The Oldest Recorded Case of Spinal Cord Injury
- Diksha Joshi

- 1 day ago
- 4 min read

Have you ever wondered when the first recorded case of spinal cord injury occurred? Or how humans understood the body long before X-rays, CT scans, or anatomy textbooks?
Some of our earliest insights into spinal cord injury come from a document that is more than 3,500 years old; a fragile medical scroll that survived centuries buried in an Egyptian tomb.
The present blog explores the earliest recorded case of spinal cord injury in the Egyptian papyrus, and how the 3500 year old knowledge of spinal cord injury compares to our modern understanding of it.
The Edwin Smith Papyrus
Dating back to the seventeenth century BCE, the Edwin Smith Papyrus is the oldest known surviving trauma text in history. Unlike other ancient medical writings steeped in mysticism, this papyrus is scientific in its approach. It presents 48 clinical cases, six of which focus on injuries to the spine, and describes signs and symptoms with an accuracy that still feels familiar to modern clinicians.
For over 3,000 years, the papyrus lay hidden in Thebes, Egypt, until it was acquired by an antiquities dealer named Edwin Smith in 1862. Although Smith recognized its importance, he was never able to translate it. After his death, the scroll was donated to the New York Historical Society, where it eventually caught the attention of renowned Egyptologist James Henry Breasted.
In 1920, Breasted undertook the enormous task of translation. After years of study, he published a two-volume English edition in 1930, complete with medical commentary prepared by physician Arno Luckhardt. Since then, scholars and clinicians have continued to revisit and reinterpret the text, refining our understanding of its medical insights. Most recently, researchers have worked toward a “medically based translation” that aligns ancient terminology with modern clinical concepts.
How Ancient Physicians Thought About Injury
What makes the Edwin Smith Papyrus so remarkable is its structured clinical reasoning. Each case follows a familiar format that physicians can identity and continue to use in modern medicine. The following is the manner and order in which medical information is organized in the text:
Introductory heading
Significant symptoms
Diagnosis
Recommended treatment (if the condition was deemed treatable)
And often, an Explanation section clarifying unfamiliar terms
Many of the injuries described are thought to have occurred during battle or construction work, reflecting the risks of daily life in ancient Egypt.
One case, for example, attributes a spinal injury directly to mechanism:
“It is his fall head-downward which caused a vertebra to crush into its counterpart.”
Another case describes a patient with a lumbar spine injury being asked to extend and contract their legs while lying supine. Immediate leg contraction due to pain was used as a diagnostic clue, suggesting an early form of neurological and musculoskeletal examination.
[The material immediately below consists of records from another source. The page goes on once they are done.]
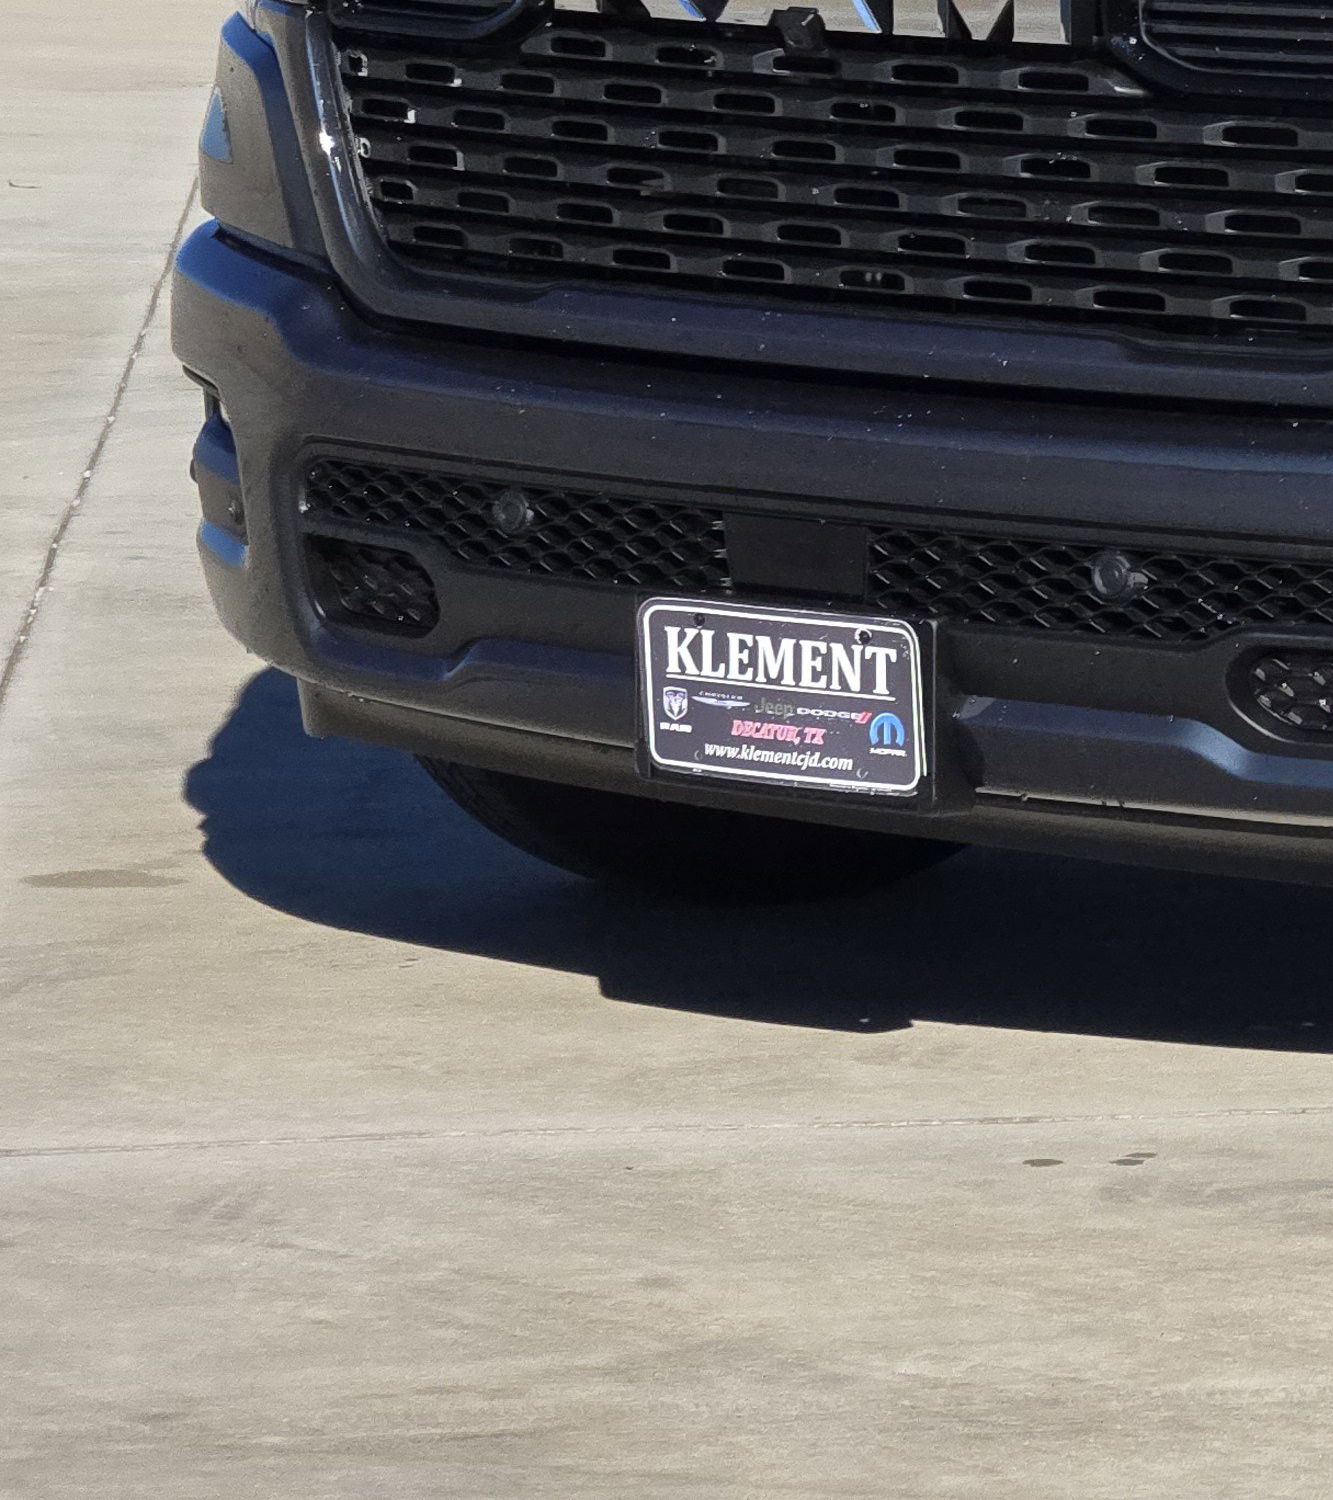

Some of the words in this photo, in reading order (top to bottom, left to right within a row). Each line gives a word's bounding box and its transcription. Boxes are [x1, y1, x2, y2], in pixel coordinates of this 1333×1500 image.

[664, 626, 897, 695] KLEMENT
[754, 697, 795, 719] Jeep
[796, 707, 861, 720] DODGE
[731, 719, 801, 745] DECATUR,
[803, 727, 826, 745] TX
[704, 743, 853, 771] www.klementcjd.com
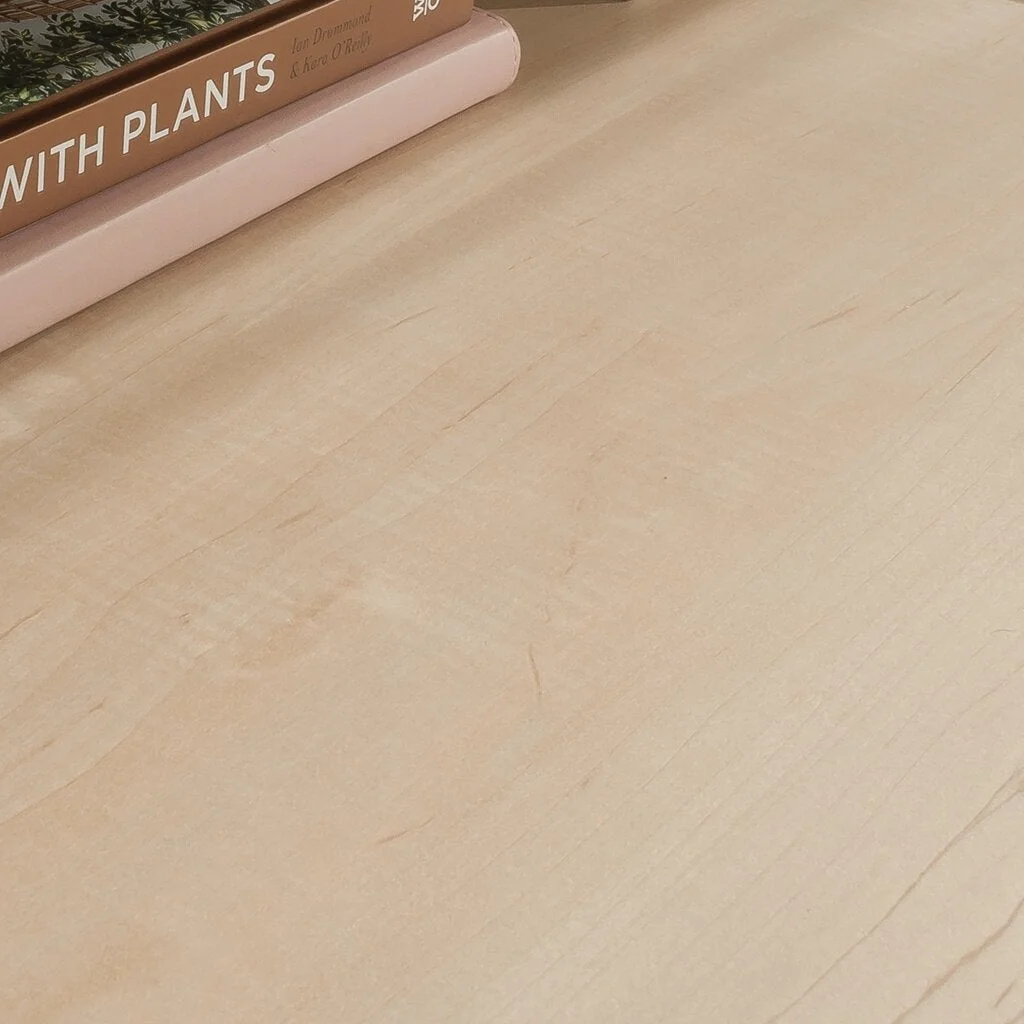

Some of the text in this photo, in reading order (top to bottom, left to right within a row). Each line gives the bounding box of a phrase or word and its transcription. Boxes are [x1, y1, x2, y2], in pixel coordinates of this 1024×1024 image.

[291, 3, 373, 55] Ian Drummond
[289, 60, 298, 80] &
[121, 52, 277, 155] PLANTS
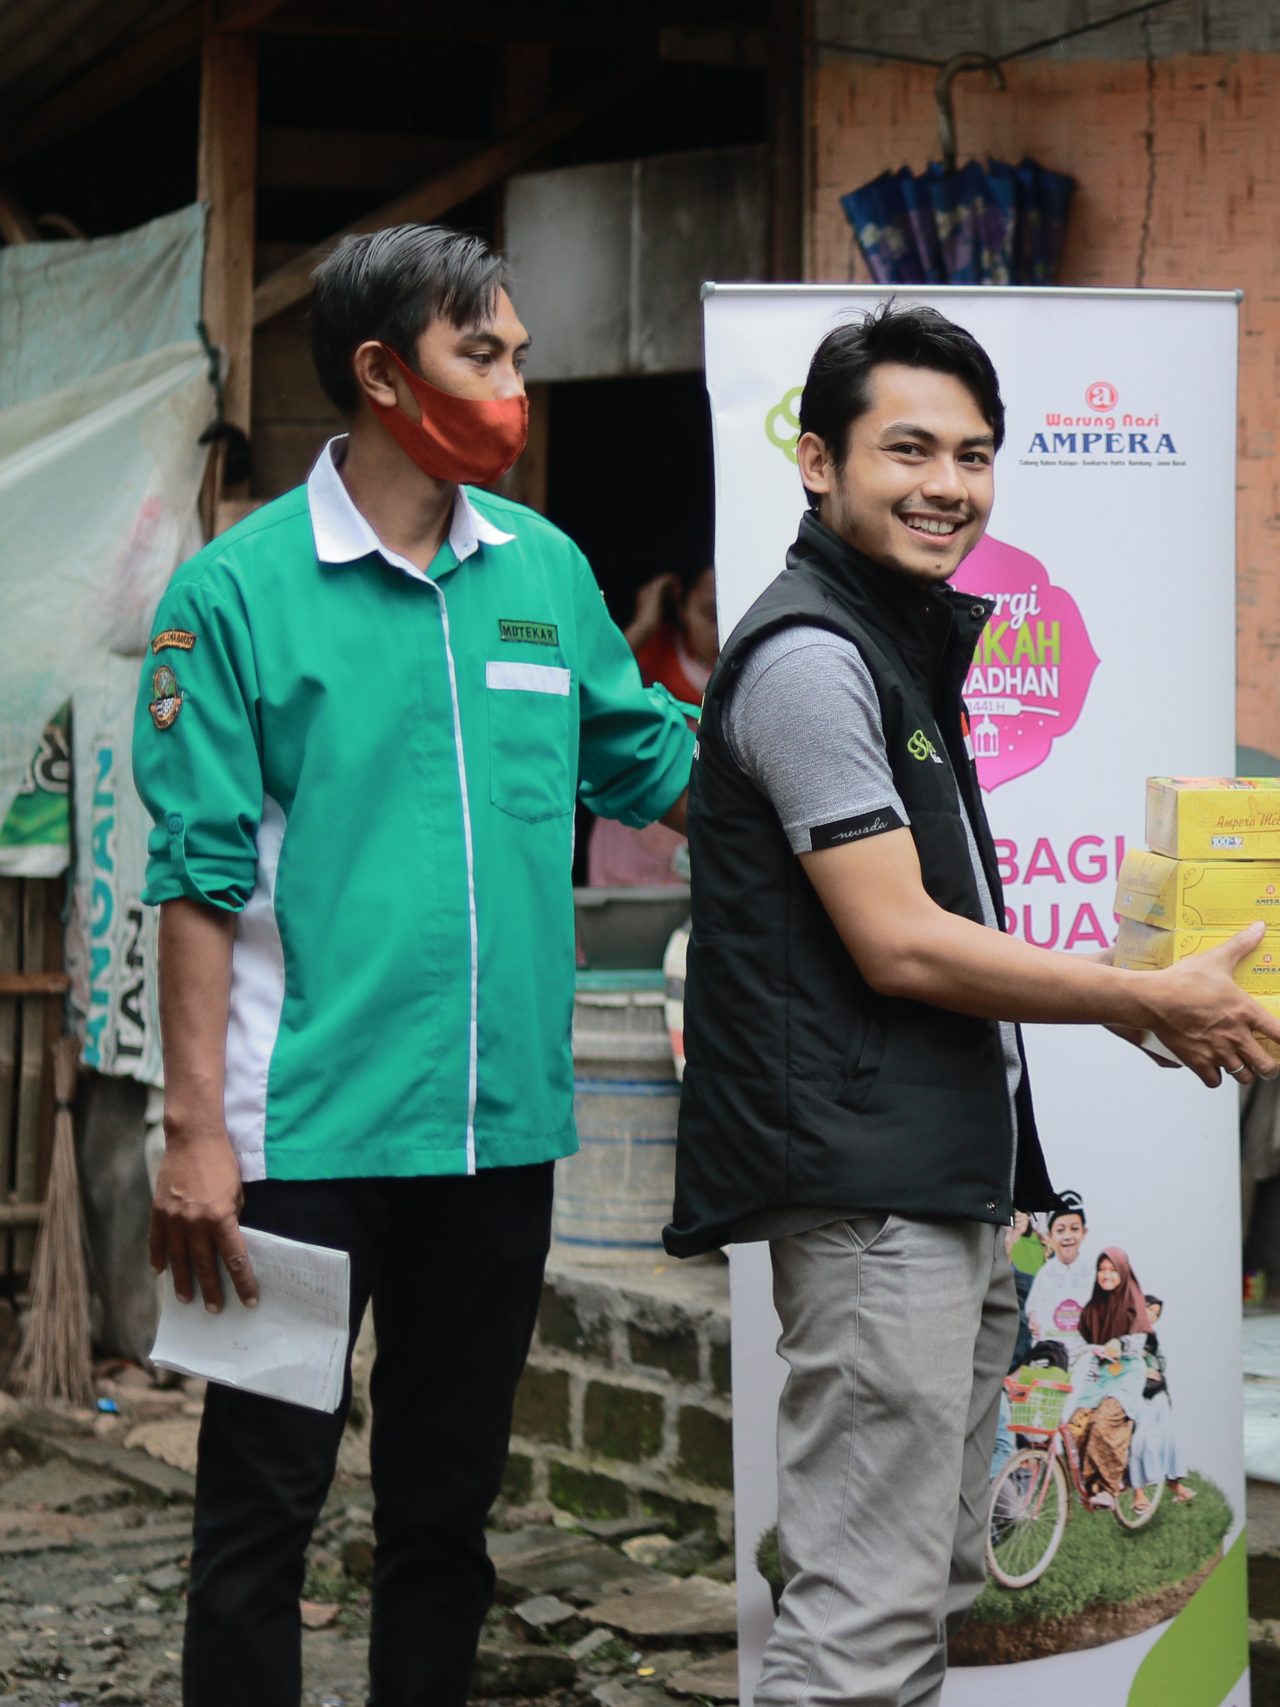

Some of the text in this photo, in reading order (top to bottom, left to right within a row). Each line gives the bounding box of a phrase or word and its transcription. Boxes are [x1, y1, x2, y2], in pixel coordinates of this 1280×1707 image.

[1045, 414, 1159, 430] Warung Nasi
[1028, 432, 1177, 454] AMPERA
[502, 625, 554, 641] MOTEKAR
[973, 620, 1061, 665] KAH
[961, 666, 1059, 698] ADHAN
[831, 816, 889, 840] nevada
[1216, 815, 1256, 829] Ampera
The First Descriptions of Spinal Cord Injury
Two cases in the papyrus (Cases 31 and 33) are now understood to describe true spinal cord injury. Interestingly, these cases do not focus on stiffness or movement of the neck or spine. Instead, all recorded symptoms relate directly to spinal cord dysfunction.
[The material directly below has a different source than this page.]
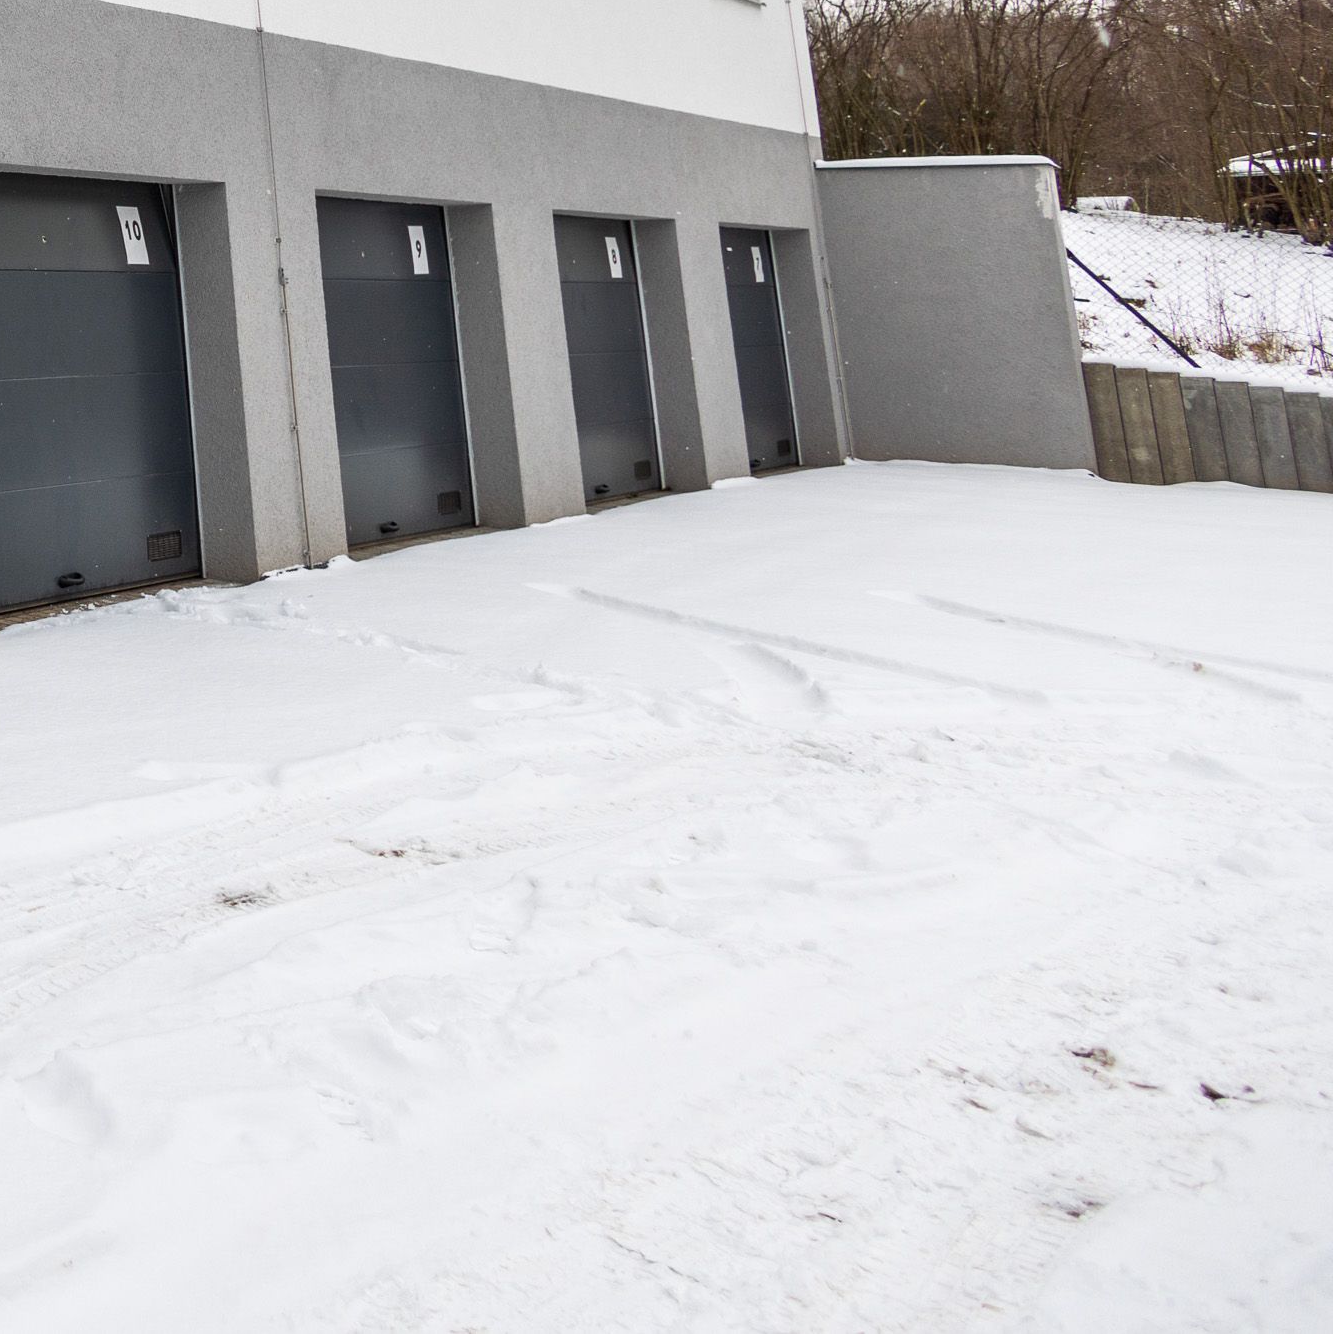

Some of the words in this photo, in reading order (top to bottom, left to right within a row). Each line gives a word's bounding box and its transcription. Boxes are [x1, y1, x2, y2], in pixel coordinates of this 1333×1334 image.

[125, 220, 142, 241] 10
[415, 239, 422, 258] 9
[611, 249, 617, 265] 8
One phrase appears in both cases:
“Unawareness of both the arms and the legs.”
This wording is striking in its clinical observation for this time period, recognizing that both motor and sensory function were completely absent.
Even more remarkable, the papyrus contains the first known descriptions of autonomic dysfunction associated with spinal cord injury. Symptoms such as priapism, urinary incontinence, and abdominal distention are carefully documented, highlighting an early understanding of how spinal cord injury affects far more than movement alone.
Prognosis Over Treatment
While the papyrus categorizes spinal column and spinal cord injuries with surprising clarity, treatment options 3,500 years ago were limited. Many spinal cord injuries were labeled as “an ailment not to be treated”, because while it now clear the Egyptians had an understanding of the injury, there was no corresponding treatment available.
Given the devastating outcomes of spinal cord injury at the time, prognosis played a central role in decision-making. Most patients likely died shortly after injury, often due to complications we still recognize today including pneumonia, urinary tract infections, and consequences of autonomic dysfunction. In that context, detailed descriptions of vertebral fractures may have seemed less important than documenting symptoms that predicted survival.
What is different and what remains the same
Centuries later, breakthroughs like X-rays (1895) and CT imaging (1971) transformed how spinal injuries are diagnosed. Imaging replaced history-taking and physical examination as the gold standard for assessing spinal column damage.
Simultaneously, more than 3,500 years after the Edwin Smith Papyrus first categorized spinal injuries, we still lack a single, globally endorsed, fully reliable spinal injury classification system. Despite extraordinary technological advances, some of the fundamental challenges remain unresolved.
A medical, historical marvel
The Edwin Smith Papyrus is a testament and reminder that while we have come a long way as post-modern humans, at our core, we were have always been incisive, remarkably intelligent and resilient in our search for knowledge and understanding.
Long before modern neuroscience, ancient physicians recognized paralysis, sensory loss, and autonomic dysfunction without any knowledge of physiology and modern medicine as we know it today.